◆ **Work to be completed**: Without the pictures, retype each line below exactly as it stands.

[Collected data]
# # # #

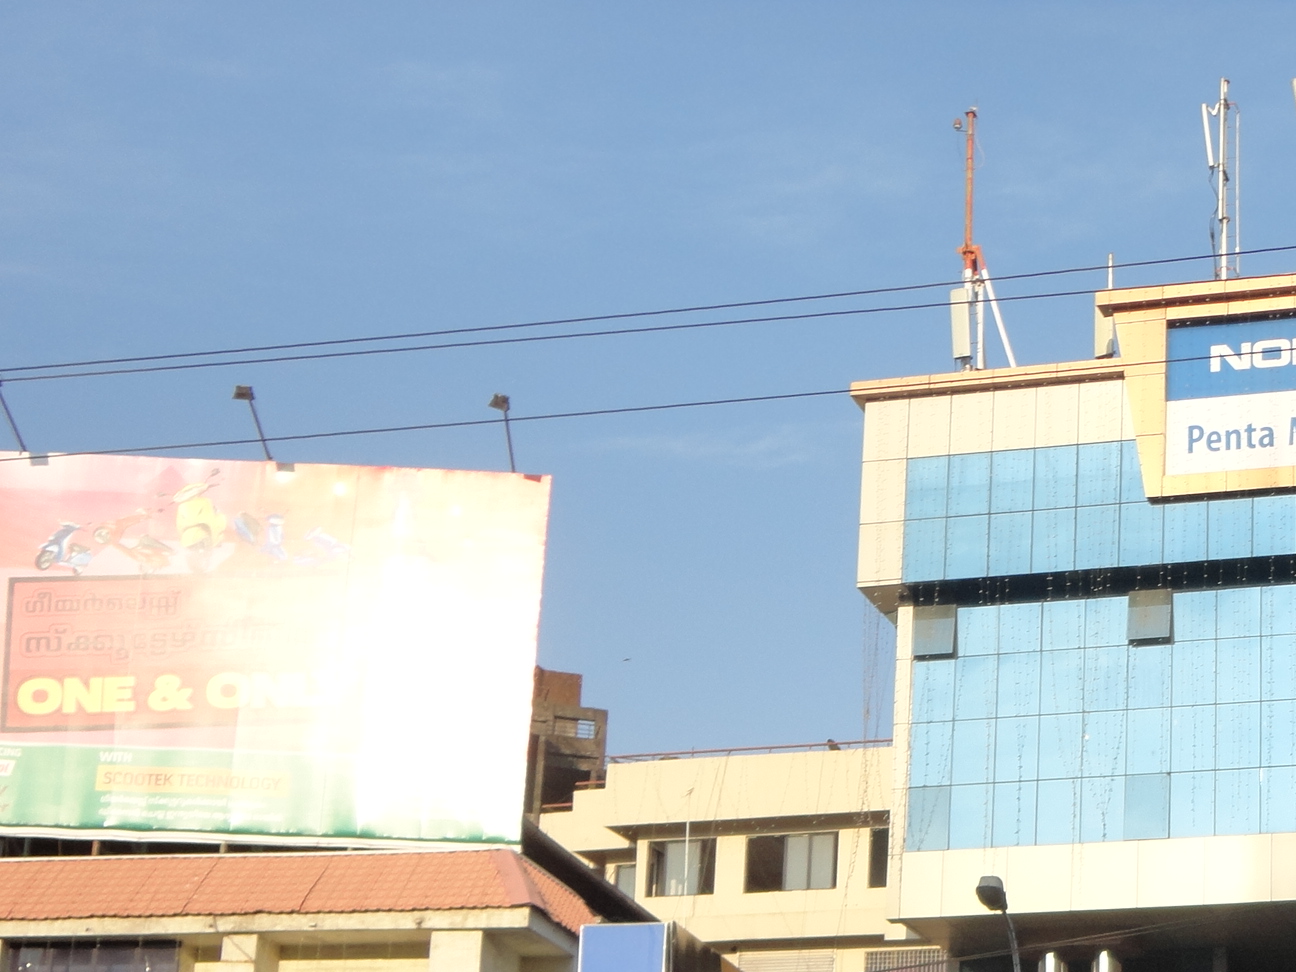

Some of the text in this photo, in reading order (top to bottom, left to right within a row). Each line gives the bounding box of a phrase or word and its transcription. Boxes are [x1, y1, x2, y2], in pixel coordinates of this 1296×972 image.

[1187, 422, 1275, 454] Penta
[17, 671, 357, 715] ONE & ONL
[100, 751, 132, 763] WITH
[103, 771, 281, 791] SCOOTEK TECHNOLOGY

# # # #

◆ **Answer**:
Some of the text in this photo, in reading order (top to bottom, left to right within a row). Each line gives the bounding box of a phrase or word and its transcription. Boxes are [x1, y1, x2, y2], in pixel coordinates of this 1296×972 image.

[1187, 422, 1275, 454] Penta
[17, 671, 357, 715] ONE & ONL
[100, 751, 132, 763] WITH
[103, 771, 281, 791] SCOOTEK TECHNOLOGY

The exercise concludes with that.